++++ DATA

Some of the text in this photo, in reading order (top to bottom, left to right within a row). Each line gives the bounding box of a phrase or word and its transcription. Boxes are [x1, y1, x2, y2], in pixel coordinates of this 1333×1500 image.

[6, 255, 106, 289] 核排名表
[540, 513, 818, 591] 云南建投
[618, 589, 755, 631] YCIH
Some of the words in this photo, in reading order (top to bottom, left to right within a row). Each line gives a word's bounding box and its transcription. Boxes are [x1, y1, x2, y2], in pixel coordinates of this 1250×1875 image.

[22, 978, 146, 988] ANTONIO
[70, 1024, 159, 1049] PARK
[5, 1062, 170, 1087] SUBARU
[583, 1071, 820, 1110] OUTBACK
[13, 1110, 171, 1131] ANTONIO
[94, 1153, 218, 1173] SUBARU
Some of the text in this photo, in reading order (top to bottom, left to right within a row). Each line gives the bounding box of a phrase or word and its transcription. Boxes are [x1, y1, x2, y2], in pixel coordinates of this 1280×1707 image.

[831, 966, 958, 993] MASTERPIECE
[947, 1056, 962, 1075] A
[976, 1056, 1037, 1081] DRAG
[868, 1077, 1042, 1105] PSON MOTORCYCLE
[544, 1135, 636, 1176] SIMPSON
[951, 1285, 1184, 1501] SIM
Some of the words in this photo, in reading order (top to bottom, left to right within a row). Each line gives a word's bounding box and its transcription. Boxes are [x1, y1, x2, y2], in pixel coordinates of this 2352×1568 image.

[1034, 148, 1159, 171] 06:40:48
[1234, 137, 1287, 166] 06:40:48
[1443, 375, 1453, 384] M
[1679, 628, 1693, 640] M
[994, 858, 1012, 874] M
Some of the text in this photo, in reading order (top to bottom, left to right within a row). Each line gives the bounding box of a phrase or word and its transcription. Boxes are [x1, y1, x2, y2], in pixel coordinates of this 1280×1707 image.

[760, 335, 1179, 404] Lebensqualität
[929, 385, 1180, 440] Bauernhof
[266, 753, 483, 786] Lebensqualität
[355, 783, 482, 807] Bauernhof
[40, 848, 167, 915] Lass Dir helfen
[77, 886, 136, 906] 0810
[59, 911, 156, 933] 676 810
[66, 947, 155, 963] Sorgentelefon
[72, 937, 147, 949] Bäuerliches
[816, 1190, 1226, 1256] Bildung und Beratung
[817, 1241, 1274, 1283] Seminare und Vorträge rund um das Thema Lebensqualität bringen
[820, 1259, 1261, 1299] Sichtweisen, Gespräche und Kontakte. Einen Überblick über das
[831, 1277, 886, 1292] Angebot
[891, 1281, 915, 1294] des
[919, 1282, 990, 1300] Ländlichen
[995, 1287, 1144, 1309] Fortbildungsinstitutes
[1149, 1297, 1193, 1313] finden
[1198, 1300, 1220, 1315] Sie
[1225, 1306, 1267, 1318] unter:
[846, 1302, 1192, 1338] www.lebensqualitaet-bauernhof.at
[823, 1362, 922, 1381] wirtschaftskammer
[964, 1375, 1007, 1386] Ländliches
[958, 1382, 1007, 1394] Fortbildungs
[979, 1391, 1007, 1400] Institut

++++++++

EXERCISE BRIEF —
The records above need to be duplicated. Keep every word unchanged.

SOLUTION FOR THIS PROBLEM —
Some of the text in this photo, in reading order (top to bottom, left to right within a row). Each line gives the bounding box of a phrase or word and its transcription. Boxes are [x1, y1, x2, y2], in pixel coordinates of this 1333×1500 image.

[6, 255, 106, 289] 核排名表
[540, 513, 818, 591] 云南建投
[618, 589, 755, 631] YCIH
Some of the words in this photo, in reading order (top to bottom, left to right within a row). Each line gives a word's bounding box and its transcription. Boxes are [x1, y1, x2, y2], in pixel coordinates of this 1250×1875 image.

[22, 978, 146, 988] ANTONIO
[70, 1024, 159, 1049] PARK
[5, 1062, 170, 1087] SUBARU
[583, 1071, 820, 1110] OUTBACK
[13, 1110, 171, 1131] ANTONIO
[94, 1153, 218, 1173] SUBARU
Some of the text in this photo, in reading order (top to bottom, left to right within a row). Each line gives the bounding box of a phrase or word and its transcription. Boxes are [x1, y1, x2, y2], in pixel coordinates of this 1280×1707 image.

[831, 966, 958, 993] MASTERPIECE
[947, 1056, 962, 1075] A
[976, 1056, 1037, 1081] DRAG
[868, 1077, 1042, 1105] PSON MOTORCYCLE
[544, 1135, 636, 1176] SIMPSON
[951, 1285, 1184, 1501] SIM
Some of the words in this photo, in reading order (top to bottom, left to right within a row). Each line gives a word's bounding box and its transcription. Boxes are [x1, y1, x2, y2], in pixel coordinates of this 2352×1568 image.

[1034, 148, 1159, 171] 06:40:48
[1234, 137, 1287, 166] 06:40:48
[1443, 375, 1453, 384] M
[1679, 628, 1693, 640] M
[994, 858, 1012, 874] M
Some of the text in this photo, in reading order (top to bottom, left to right within a row). Each line gives the bounding box of a phrase or word and its transcription. Boxes are [x1, y1, x2, y2], in pixel coordinates of this 1280×1707 image.

[760, 335, 1179, 404] Lebensqualität
[929, 385, 1180, 440] Bauernhof
[266, 753, 483, 786] Lebensqualität
[355, 783, 482, 807] Bauernhof
[40, 848, 167, 915] Lass Dir helfen
[77, 886, 136, 906] 0810
[59, 911, 156, 933] 676 810
[66, 947, 155, 963] Sorgentelefon
[72, 937, 147, 949] Bäuerliches
[816, 1190, 1226, 1256] Bildung und Beratung
[817, 1241, 1274, 1283] Seminare und Vorträge rund um das Thema Lebensqualität bringen
[820, 1259, 1261, 1299] Sichtweisen, Gespräche und Kontakte. Einen Überblick über das
[831, 1277, 886, 1292] Angebot
[891, 1281, 915, 1294] des
[919, 1282, 990, 1300] Ländlichen
[995, 1287, 1144, 1309] Fortbildungsinstitutes
[1149, 1297, 1193, 1313] finden
[1198, 1300, 1220, 1315] Sie
[1225, 1306, 1267, 1318] unter:
[846, 1302, 1192, 1338] www.lebensqualitaet-bauernhof.at
[823, 1362, 922, 1381] wirtschaftskammer
[964, 1375, 1007, 1386] Ländliches
[958, 1382, 1007, 1394] Fortbildungs
[979, 1391, 1007, 1400] Institut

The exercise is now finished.